A few new pics of my girls, now that they're bigger! The cage is a bit messy, coz it was cleaning day, and I stupidly left a tissue box close enough to the cage for the girls to grab - so there is pretty much a whole box of tissues in there!

Ratty is definitely the shyer one of the two!









Curious Minx









This is where I find them everyday when I get home, waiting for dinner!









Ratty, sooo cute!


----------



## Lunachick (Aug 15, 2007)

Haha cute! Ratty is adorable. Is Minx an agouti?


----------



## Forensic (Apr 12, 2007)

Minx certainly looks 'gouti to me.  Very cute girls.


----------



## sonoma (May 26, 2007)

Very cute! I like the third pic...my girls do that when they want to come out. :lol:


----------



## jay_herself (Jul 15, 2007)

Lunachick said:


> Haha cute! Ratty is adorable.
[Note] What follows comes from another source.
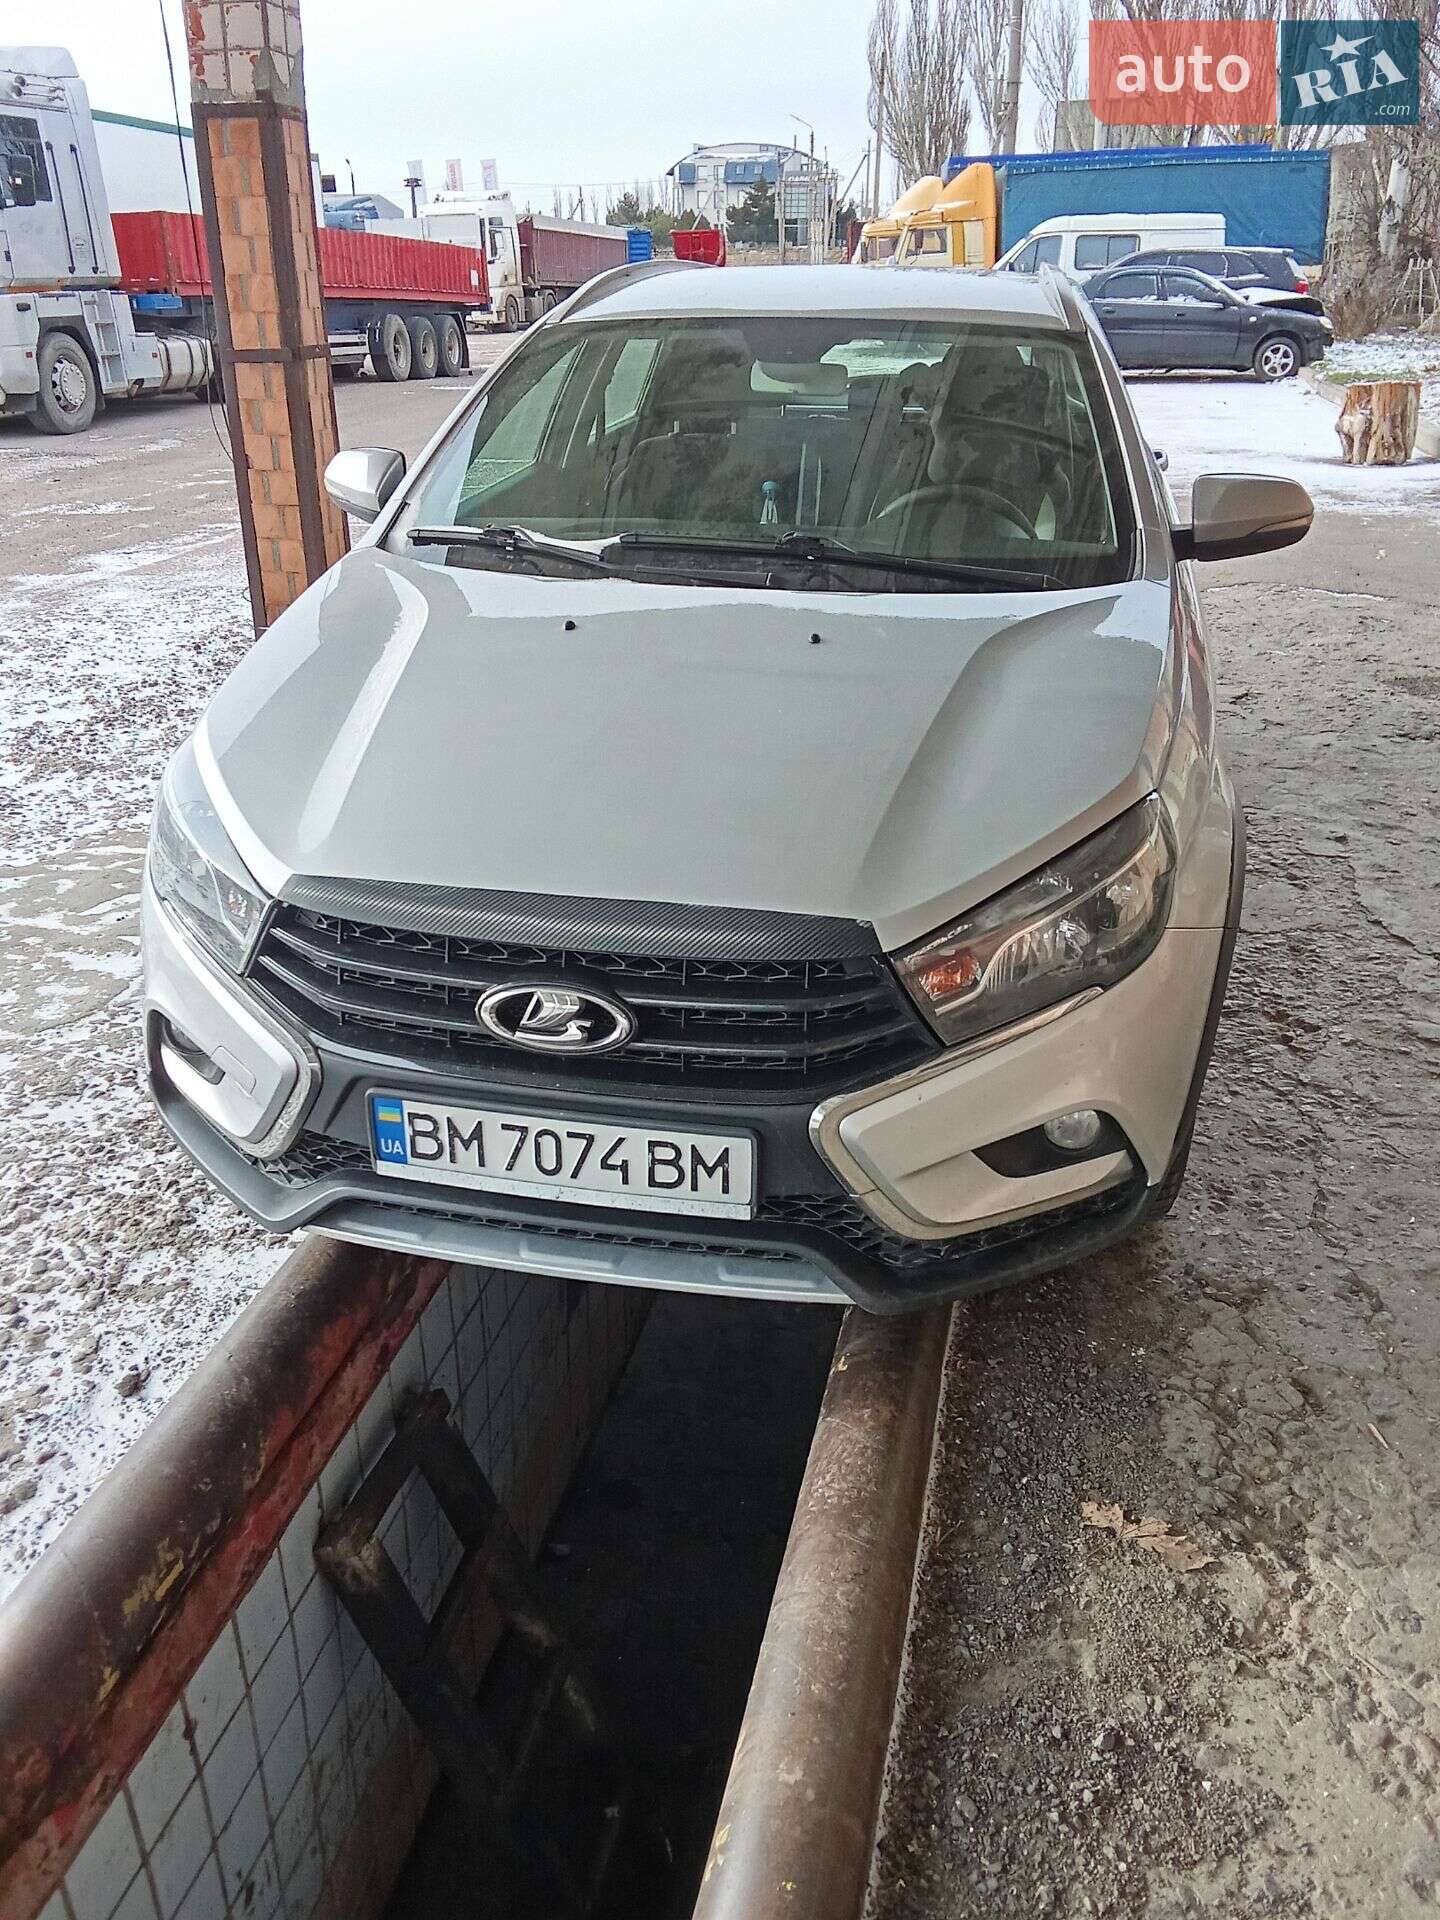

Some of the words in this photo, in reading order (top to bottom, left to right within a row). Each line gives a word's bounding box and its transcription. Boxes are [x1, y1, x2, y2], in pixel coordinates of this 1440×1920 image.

[380, 1138, 405, 1156] UA
[407, 1111, 486, 1168] BM
[501, 1123, 629, 1186] 7074
[647, 1140, 730, 1195] BM
Is Minx an agouti?


I've never known much about different types of rats and such, but from what I've read and seen on the forums, I'm pretty certain Minx is Agouti.
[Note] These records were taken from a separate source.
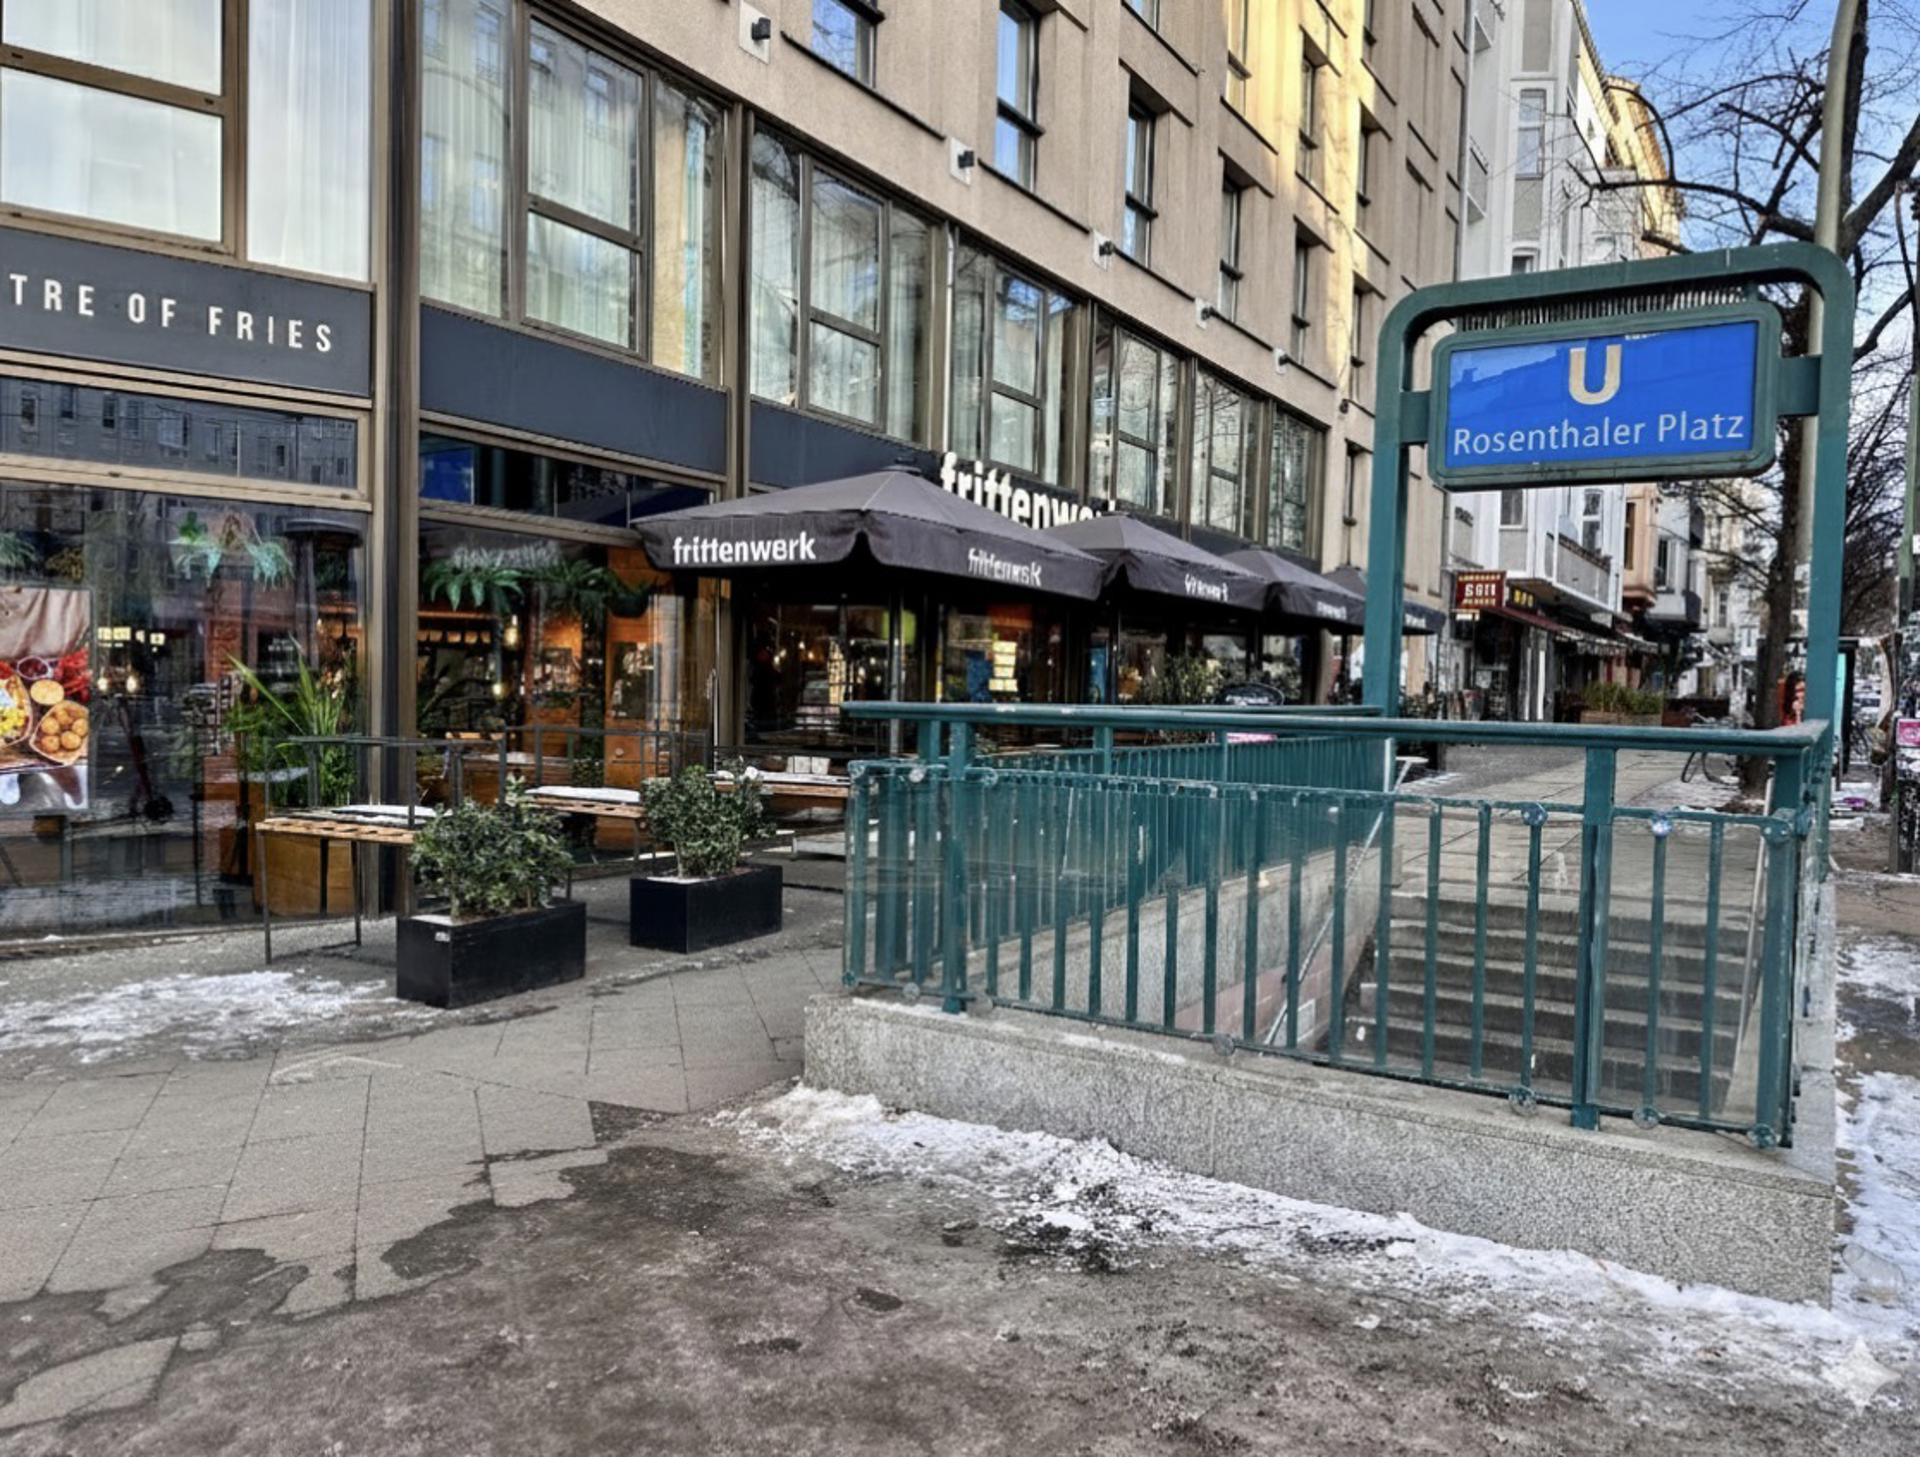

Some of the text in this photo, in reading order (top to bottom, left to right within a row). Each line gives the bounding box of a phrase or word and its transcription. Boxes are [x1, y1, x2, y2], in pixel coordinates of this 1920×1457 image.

[9, 273, 332, 352] TRE OF FRIES
[1568, 343, 1622, 405] U
[1453, 410, 1744, 456] Rosenthaler Platz
[940, 451, 1115, 530] frittenw
[673, 530, 817, 565] frittenwerk
Ratty is pretty adorable, but she's also a bit of a fatty - I mean, she isn't huge, but she is quite a bit bigger than Minx, even though they're the same age. I thought for awhile that maybe Ratty was hoarding food or something, but they seem to eat the same amount - maybe Minx was the runt?


----------



## rattielover2007 (Aug 30, 2007)

Sweet ones thats for sure.


----------



## Barbiie (Sep 8, 2007)

Again some more verrrry cute ratties! =]


----------



## Forensic (Apr 12, 2007)

jay_herself said:


> Lunachick said:
> 
> 
> > Haha cute! Ratty is adorable. Is Minx an agouti?
> ...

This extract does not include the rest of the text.